Food banks are a recent phenomena in the UK, with the first only established in 2000. Yet there has been a clear upward trend since 2009, correlating to the recession, a rise in un(der)employment, and lower incomes and higher costs of living decreasing the affordability of food. Why are these figures disturbing and what are the implications? This thesis examines these issues by looking at political drivers associated with the expansion food banks in the United Kingdom, drawing on the cases of two Oxford-based food aid providers.
Food banks are defined as not-for-profit organizations providing food to those in poverty, yet they are increasingly standing in for food aid and poverty alleviation policy and services provided by the government. This is largely attributed to current economic circumstances and welfare ‘benefit changes or delays.’ More recent sanctions and conditions for welfare adopted under the coalition government are often a root cause of these benefits delays that have driven people to food banks.
A more contentious point with implications for the development of policy, is that food bank use is becoming an ingrained component of welfare provision, particularly at a local level. At the heart of this is that the rise of food banks is shifting the paradigm of welfare provision from state aid to charity. The author argues that reliance of both the state and individuals on food banks, and a lack of suitable alternatives, could be leading to entrenchment of their use – essentially the expectation that they provide means of addressing food poverty needs and reducing the impetus to develop robust food policy. This entrenchment is attributed to political inaction and not specific policy changes. Ironically, the evidence from research internationally demonstrates that informal food assistance is far less effective in relieving food insecurity than government-run programmes and policies.

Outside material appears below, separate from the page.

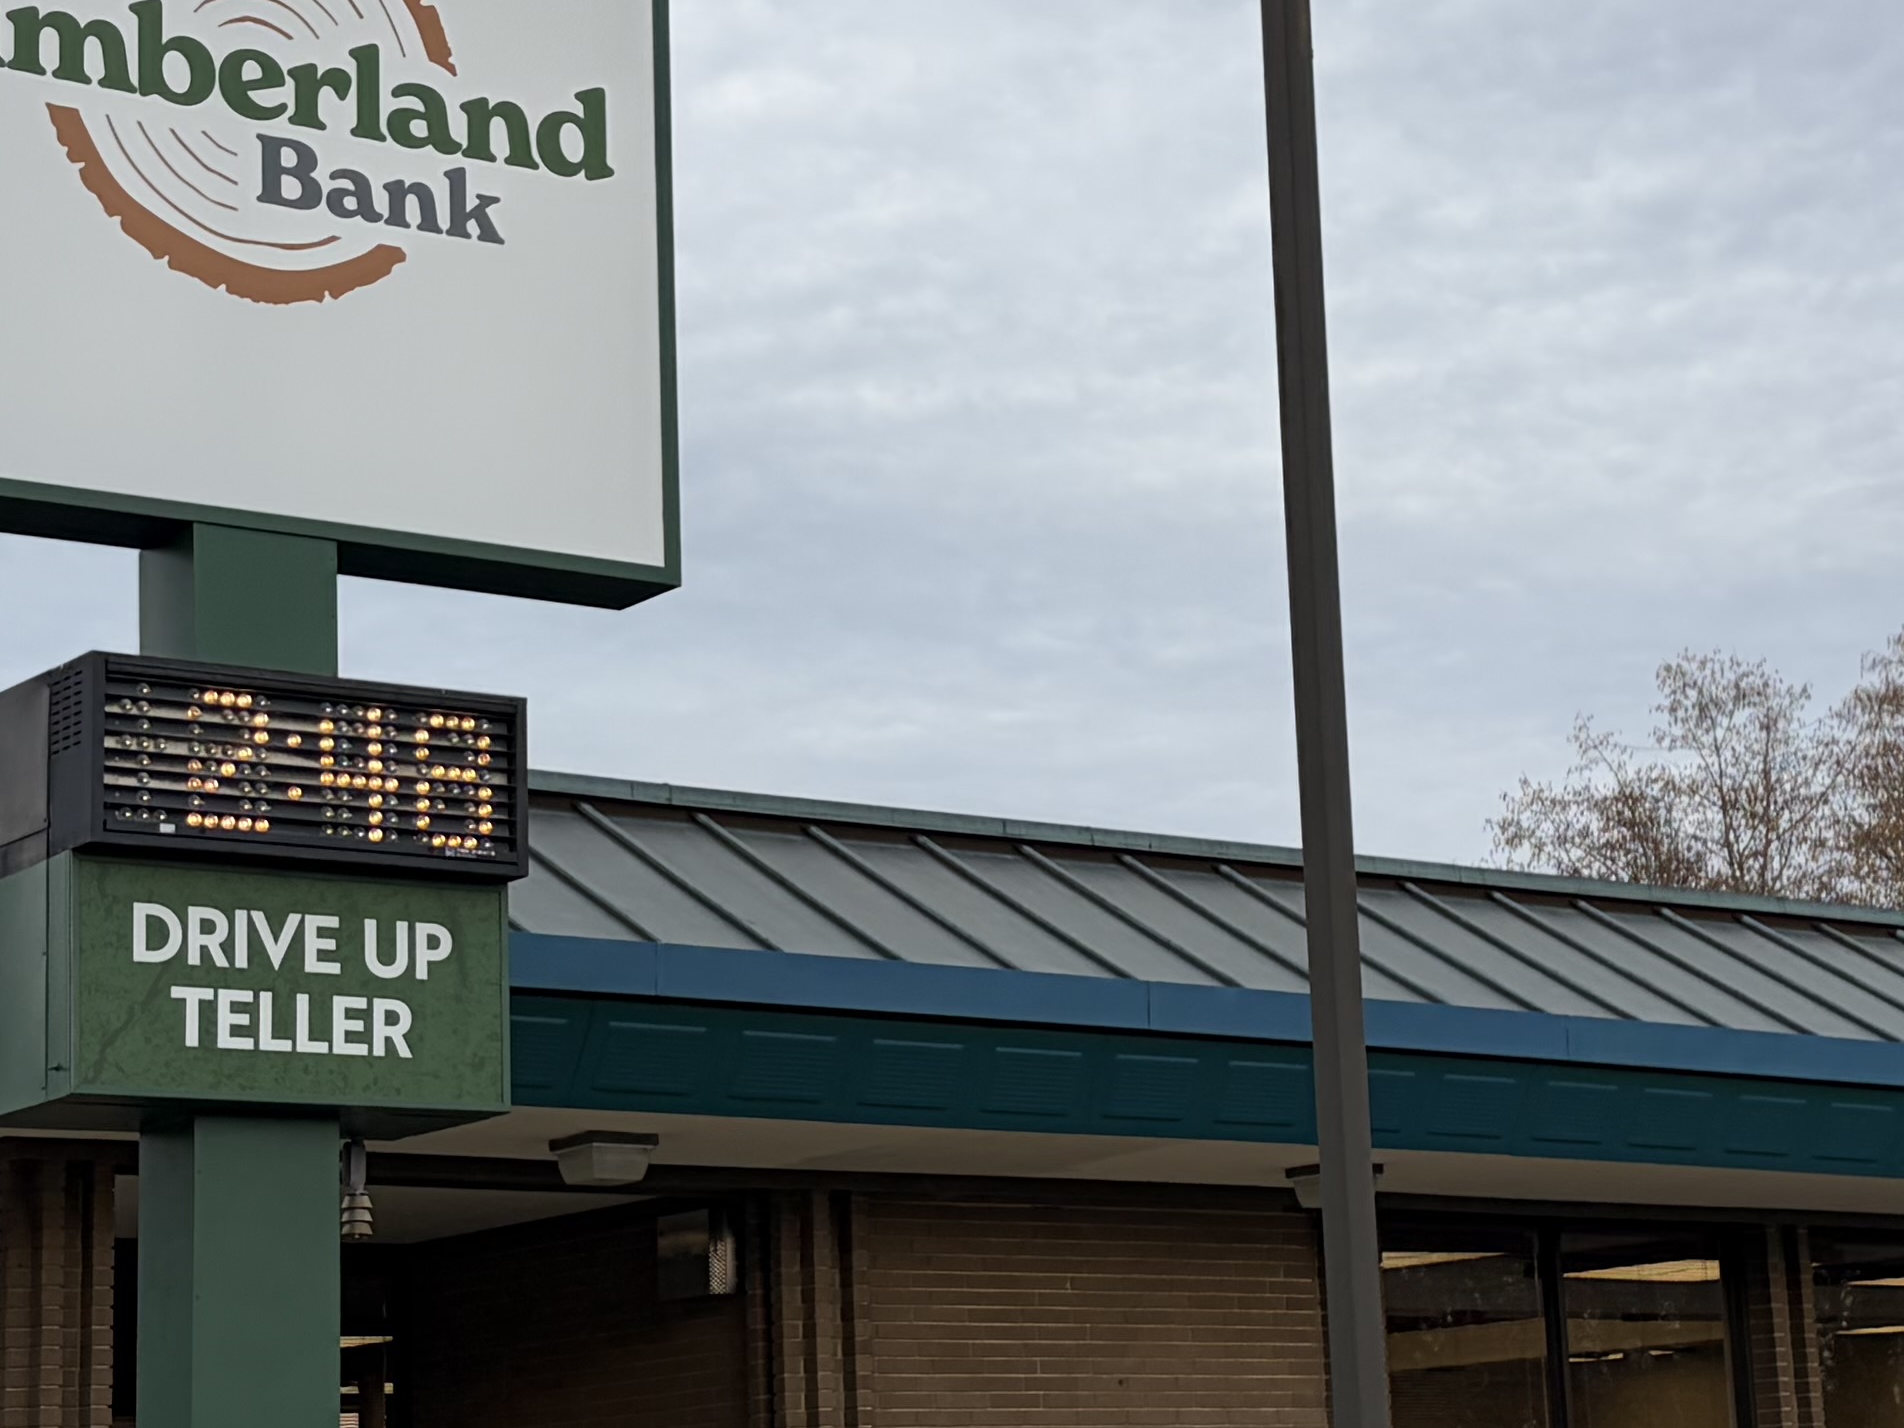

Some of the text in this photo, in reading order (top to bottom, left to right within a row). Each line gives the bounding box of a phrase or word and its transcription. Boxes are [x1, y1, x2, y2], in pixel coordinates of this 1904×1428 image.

[256, 133, 505, 245] Bank
[132, 901, 454, 980] DRIVE UP
[170, 986, 414, 1059] TELLER

While the thesis references the longer history of food banks in the United States and Canada to exemplify the current trajectory of the UK, it also discusses the situation closer at hand, including two Oxford-based entities as contrasting cases of food aid provision. Community Emergency FoodBank Oxford (CEF) provides food to community members in need, operating on referral system that limits the number of ‘vouchers’ to the food bank in a given time period. In contrast, the Oxford Food Bank (OFB) distributes surplus food to organizations that address issues of poverty and social exclusion. Yet the impact of these food banks and overall efficacy of food poverty alleviation efforts suffers from a lack of interaction with and financial support from local authorities
Ellis-Petersen, M. 2014. Free Cheese Only Comes in Mousetraps: Exploring Food Bank Use in the UK. Dissertation in partial fulfillment of the requirements for the degree of BA in History and Politics. Oxford: University of Oxford.